Rosetta Stone is a language learning platform renowned for its immersive and intuitive approach to language acquisition. Founded in 1992 by Allen Stoltzfus, Rosetta Stone utilizes dynamic immersion techniques that mimic the way people learn their first language.

Immersion learning

Rosetta Stone focuses on visual and auditory cues rather than translation. Through interactive lessons, learners engage in real-life scenarios and conversations to develop speaking, listening, reading, and writing skills. Rosetta Stone's emphasis on immersion and contextual learning has made it a popular choice over the years.

No free trial, just a 30-day money-back guarantee

Unfortunately, since our last evaluation, Rosetta Stone has done away with the 3-day trial it used to offer. Now, you'll have to pull the trigger and buy a subscription to the platform ($47.97 for 3 months of Korean lessons, $126 for a year, or $199 for lifetime access to all of the languages in the Rosetta Stone catalog), relying on the 30-day satisfaction guarantee if you don't love the way the Korean lessons are structured. Given what a hassle and waste of time it is to cancel things in general, we aren't thrilled that Rosetta Stone doesn't offer that preview anymore.

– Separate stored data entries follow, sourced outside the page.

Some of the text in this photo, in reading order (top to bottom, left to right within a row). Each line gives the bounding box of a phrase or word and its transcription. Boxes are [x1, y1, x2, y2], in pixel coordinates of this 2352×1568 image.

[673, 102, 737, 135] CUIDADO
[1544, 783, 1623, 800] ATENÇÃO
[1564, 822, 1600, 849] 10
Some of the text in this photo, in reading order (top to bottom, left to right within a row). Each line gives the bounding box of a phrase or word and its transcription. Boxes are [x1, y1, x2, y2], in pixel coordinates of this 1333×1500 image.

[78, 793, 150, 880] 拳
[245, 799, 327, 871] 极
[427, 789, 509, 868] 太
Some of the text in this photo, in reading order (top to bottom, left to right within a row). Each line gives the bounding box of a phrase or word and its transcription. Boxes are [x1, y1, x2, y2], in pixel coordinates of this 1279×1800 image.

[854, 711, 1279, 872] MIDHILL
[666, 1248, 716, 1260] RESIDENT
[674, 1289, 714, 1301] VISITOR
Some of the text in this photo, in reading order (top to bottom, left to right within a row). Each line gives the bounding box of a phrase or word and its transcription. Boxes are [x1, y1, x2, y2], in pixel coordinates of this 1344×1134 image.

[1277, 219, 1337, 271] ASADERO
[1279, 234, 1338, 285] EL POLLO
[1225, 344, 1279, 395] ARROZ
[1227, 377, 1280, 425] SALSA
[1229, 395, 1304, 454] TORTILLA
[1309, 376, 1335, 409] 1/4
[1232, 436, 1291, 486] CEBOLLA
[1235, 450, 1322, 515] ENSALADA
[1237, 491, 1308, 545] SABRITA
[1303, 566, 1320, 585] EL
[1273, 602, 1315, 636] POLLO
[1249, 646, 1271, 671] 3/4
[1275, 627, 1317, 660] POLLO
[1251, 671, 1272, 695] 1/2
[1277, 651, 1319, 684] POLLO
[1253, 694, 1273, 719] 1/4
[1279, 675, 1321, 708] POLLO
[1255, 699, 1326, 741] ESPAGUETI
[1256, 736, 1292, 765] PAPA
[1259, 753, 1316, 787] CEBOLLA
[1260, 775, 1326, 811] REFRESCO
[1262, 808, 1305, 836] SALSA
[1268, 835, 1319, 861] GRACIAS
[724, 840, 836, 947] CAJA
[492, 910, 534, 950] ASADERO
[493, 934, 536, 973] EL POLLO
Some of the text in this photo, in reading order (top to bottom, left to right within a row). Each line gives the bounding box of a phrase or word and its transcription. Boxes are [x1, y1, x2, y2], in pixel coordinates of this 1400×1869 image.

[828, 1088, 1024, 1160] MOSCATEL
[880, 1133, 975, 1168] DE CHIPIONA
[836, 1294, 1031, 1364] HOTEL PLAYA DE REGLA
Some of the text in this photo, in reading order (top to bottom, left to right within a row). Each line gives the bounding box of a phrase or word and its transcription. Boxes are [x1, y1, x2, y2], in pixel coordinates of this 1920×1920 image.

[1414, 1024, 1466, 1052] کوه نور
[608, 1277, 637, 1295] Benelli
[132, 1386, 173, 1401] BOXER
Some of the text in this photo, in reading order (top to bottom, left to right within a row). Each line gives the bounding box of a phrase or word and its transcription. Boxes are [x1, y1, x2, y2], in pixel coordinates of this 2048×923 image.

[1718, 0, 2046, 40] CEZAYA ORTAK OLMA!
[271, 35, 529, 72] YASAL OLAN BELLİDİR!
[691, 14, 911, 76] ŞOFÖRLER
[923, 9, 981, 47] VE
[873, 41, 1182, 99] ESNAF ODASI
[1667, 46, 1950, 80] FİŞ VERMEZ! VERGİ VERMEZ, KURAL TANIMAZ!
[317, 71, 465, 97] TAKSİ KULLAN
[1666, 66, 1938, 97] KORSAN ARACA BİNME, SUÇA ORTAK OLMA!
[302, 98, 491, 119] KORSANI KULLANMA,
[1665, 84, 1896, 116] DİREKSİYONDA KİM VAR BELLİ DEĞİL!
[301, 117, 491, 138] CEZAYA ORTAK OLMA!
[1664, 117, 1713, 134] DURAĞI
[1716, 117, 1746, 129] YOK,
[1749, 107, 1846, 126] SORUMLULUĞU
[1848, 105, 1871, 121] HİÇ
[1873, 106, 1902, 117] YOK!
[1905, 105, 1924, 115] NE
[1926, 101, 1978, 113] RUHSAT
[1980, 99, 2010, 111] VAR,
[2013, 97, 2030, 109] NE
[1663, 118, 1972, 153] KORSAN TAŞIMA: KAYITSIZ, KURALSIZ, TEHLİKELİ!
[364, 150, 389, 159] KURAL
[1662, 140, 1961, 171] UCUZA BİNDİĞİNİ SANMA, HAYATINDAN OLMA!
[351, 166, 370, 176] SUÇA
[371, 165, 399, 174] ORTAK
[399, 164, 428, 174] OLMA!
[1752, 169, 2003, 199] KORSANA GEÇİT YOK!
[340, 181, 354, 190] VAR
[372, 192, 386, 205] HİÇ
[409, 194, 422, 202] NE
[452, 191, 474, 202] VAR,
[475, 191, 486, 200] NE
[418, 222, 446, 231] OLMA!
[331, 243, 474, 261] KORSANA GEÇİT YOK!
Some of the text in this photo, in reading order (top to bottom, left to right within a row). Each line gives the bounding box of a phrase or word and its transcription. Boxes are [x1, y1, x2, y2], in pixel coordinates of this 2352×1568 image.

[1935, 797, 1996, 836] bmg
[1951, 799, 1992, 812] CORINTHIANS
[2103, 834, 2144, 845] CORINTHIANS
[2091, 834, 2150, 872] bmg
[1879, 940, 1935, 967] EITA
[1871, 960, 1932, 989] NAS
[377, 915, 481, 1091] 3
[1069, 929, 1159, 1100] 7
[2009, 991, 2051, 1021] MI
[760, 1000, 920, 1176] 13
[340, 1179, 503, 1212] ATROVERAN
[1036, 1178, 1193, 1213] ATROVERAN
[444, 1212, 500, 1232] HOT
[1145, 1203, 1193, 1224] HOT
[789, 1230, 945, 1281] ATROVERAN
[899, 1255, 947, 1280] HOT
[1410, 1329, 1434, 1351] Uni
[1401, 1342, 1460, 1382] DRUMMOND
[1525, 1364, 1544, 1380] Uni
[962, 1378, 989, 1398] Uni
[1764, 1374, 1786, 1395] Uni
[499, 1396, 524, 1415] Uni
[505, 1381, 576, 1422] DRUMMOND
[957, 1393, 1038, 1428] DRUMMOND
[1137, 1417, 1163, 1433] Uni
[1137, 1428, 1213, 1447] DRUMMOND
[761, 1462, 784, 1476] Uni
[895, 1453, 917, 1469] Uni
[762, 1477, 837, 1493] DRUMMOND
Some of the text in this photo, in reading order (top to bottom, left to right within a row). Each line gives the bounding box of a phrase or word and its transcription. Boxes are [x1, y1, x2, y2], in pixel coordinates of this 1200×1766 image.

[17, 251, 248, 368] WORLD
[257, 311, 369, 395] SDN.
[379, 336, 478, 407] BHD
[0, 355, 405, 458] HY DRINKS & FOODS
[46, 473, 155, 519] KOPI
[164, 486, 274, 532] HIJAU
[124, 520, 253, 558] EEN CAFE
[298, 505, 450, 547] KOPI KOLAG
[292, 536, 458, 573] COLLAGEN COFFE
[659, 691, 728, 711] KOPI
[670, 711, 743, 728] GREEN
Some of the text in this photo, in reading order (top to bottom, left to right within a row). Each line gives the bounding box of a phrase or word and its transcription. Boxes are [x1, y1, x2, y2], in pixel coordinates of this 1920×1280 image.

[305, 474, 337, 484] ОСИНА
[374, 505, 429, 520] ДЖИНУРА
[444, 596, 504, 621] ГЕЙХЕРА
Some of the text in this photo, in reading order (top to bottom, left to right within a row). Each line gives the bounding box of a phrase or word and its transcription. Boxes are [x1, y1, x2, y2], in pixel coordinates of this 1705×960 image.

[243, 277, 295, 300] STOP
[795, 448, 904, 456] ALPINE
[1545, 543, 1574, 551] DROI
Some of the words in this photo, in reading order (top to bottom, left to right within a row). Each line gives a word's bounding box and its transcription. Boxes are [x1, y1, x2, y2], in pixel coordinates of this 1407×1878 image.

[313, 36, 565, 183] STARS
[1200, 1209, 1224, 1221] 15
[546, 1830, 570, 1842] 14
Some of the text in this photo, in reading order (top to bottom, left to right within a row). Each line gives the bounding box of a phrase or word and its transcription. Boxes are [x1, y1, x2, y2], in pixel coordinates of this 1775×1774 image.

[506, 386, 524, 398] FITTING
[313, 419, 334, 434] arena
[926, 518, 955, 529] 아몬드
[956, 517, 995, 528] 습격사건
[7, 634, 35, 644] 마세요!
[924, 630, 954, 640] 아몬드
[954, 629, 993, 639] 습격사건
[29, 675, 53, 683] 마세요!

Immersion is tough when learning a new alphabet

But, here's what we can tell you about the way Rosetta Stone teaches Korean, so you can decide for yourself if you want to give it a go. The intuitive approach that the lessons take is better suited for languages like Spanish or French, where the alphabets are familiar even if the pronunciation isn't. But, that immersive style is downright daunting for newcomers who are trying to tackle Korean's unique Hangeul writing system.

Best Korean Lessons

Some help from English prompts would be nice

When you first start the Korean course, you're asked to pick your skill level and learning goals, as well as your speaking profile to tailor the experience. But as you dive into the lessons, you're bombarded with Korean words and images without any English crutches. And forget about getting help with pronunciation - there's no Romanization here to guide you as you try to use the voice recognition tool to practice speaking. So, you're left trying to match sounds to unfamiliar characters without a roadmap, which can be frustrating.

Extras aren't much help

Yes, Rosetta Stone throws in some extra features like the ability to skip around lessons and explore more content. But even these extras don't make the Korean lessons any clearer. The Grammar section, for example, offers more of the same - just more images and words in Korean without any real explanations. It's like trying to solve a puzzle without knowing what the picture is supposed to look like.

Better options available

We used to tell prospective students to try Rosetta Stone's Korean lessons for a day or two before subscribing, to make sure that they wouldn't be frustrated by the immersion-based approach to language instruction. Now, we can't even do that. Our experiences with using Rosetta Stone for Korean were so underwhelming, it's hard for us to recommend it even with a 30-day refund policy to minimize the financial risk of giving the platform a try.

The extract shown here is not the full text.